Di quale forza effettiva può disporre l'Italia che non accetta il monopolio televisivo? Di una potente forza economica. Basterebbe che tutti coloro che non accettano il monopolio decidessero di penalizzare Mediaset rifiutandosi di comperare tutte le merci pubblicizzate su quelle reti.

E' difficile? No, basta tenere un foglietto vicino al telecomando e annotarsi le merci pubblicizzate. Si raccomandano i filetti di pesce Aldebaran? Ebbene al supermercato si compreranno solo i filetti di pesce Andromeda. Si pubblicizza la medicina Bub all'acido acetilsalicilico? Dal farmacista si compera un preparato generico che contiene egualmente acido acetilsalicilico e che costa meno. Le merci a disposizione sono tante e non costerebbe nessun sacrificio, solo un poco di attenzione, per acquistare il detersivo Meraviglioso e la pasta Radegonda (non pubblicizzati su Mediaset) invece del detersivo Stupefacente e della pasta Cunegonda.

Credo che se la decisione fosse mantenuta anche solo da alcuni milioni di italiani, nel giro di pochi mesi le ditte produttrici si accorgerebbero di un calo nelle vendite, e si comporterebbero di conseguenza. Non si può avere niente per niente, un poco di sforzo è necessario, se non siete d'accordo col monopolio dell'informazione dimostratelo attivamente.

Allestite banchetti per le strade per raccogliere le firme di chi s'impegna, non a scendere in piazza una volta sola ma a non mangiare più pasta Cunegonda. E chissà che sforzo! Si può fare benissimo, basta avere voglia di dimostrare in modo assolutamente legale il proprio dissenso, e penalizzare chi altrimenti non ci darebbe ascolto. A un governo-azienda non si risponde con le bandiere e con le idee, ma puntando sul suo punto debole, i soldi. Che se poi il governo-azienda si mostrasse sensibile a questa protesta, anche i suoi elettori si accorgerebbero che è appunto un governo-azienda, che sopravvive solo se il suo capo continua a far soldi.

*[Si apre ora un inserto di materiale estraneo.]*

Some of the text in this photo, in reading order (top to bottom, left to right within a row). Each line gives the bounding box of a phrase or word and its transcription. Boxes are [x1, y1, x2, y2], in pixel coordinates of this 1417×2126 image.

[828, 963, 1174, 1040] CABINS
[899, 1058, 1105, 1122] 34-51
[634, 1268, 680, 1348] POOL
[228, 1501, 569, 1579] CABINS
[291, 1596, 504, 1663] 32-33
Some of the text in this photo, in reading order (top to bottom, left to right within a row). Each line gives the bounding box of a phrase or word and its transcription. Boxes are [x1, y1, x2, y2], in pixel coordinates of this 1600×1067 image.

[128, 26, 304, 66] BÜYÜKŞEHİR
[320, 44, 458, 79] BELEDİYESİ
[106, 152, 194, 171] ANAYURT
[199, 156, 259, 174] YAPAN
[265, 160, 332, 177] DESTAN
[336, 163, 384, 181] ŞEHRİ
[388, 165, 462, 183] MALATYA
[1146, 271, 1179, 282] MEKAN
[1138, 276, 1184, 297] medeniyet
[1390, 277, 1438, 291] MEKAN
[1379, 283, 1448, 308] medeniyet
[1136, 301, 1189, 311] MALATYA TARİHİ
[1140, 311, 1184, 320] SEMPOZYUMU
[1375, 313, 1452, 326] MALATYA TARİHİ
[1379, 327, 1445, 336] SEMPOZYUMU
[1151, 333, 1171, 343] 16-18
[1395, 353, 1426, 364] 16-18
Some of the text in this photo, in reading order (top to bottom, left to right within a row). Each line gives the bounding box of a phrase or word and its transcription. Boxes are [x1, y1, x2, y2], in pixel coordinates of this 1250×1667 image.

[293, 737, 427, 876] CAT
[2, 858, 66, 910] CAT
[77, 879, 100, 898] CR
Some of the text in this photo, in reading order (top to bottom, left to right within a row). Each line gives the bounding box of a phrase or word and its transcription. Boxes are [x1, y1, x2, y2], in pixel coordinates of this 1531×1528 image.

Questa forma di protesta sarebbe assolutamente legale. E' illegale incendiare un McDonald, ma in una rubrica di arte culinaria si può benissimo invitare i lettori a non mangiare i Big Mac e a preferire, che so, i Burger's King, così come li si avverte che il tale ristorante non è all'altezza dei suoi prezzi. Un critico cinematografico ha il diritto di raccomandare ai propri lettori di non andare a vedere un film che egli giudica orribile.

Qualcuno a cui ho parlato di questa idea mi ha detto: "Ti accuseranno di luddismo, di minare il mercato, di danneggiare aziende." Per nulla. Io non consiglio di non comperare più filetti di pesce, bensì di non comperare quelli che fanno pubblicità sulle reti Mediaset. Il mercato della pasta continuerebbe a fiorire come prima, salvo che invece che cinque chili di pasta Radegonda e cinque chili di pasta Cunegonda si venderebbero sette chili di pasta Radegonda e tre di pasta Cunegonda. Se la pasta Cunegonda non avverte un calo di vendite, può continuare a fare pubblicità sulle reti Mediaset, altrimenti può farla sulle reti Rai (e spero che Baldassarre mi ringrazi).

E' luddismo distruggere le macchine, non incitare a usare, tanto per dire, auto diesel invece che auto a benzina. Da più di vent'anni io non uso più l'automobile in città e invito tutti a fare altrettanto per non incrementare l'inquinamento e contribuisco però all'incremento dei mezzi pubblici. Ricordo che negli anni sessanta si era diffusa la voce che una certa marca di benzina finanziava un movimento politico da cui alcuni di noi dissentivano, e in autostrada semplicemente evitavamo di fermarci ai punti di rifornimento di quella marca e facevamo il pieno dieci chilometri prima o venti chilometri dopo. Non per questo (e neanche se lo avessero fatto tutti) è diminuita la libera circolazione automobilistica.

Era forse luddismo e attentato alle industrie e ai commerci avvertire che non bisognava più acquistare prodotti spray che potevano contribuire al buco nell'ozono? La gente ha cominciato a manifestare sensibilità in proposito e le aziende produttrici si sono adeguate. Tutti continueremmo a essere ottimi consumatori, tranne che saremmo consumatori selettivi; il che è indice di maturità e motore di sviluppo economico.

A nuove forme di governo, nuove forme di risposta politica. Questa sì che sarebbe opposizione.

Vediamo quanti italiani si sentono di farla. Altrimenti la smettano di lamentarsi, e si tengano il monopolio dell'informazione.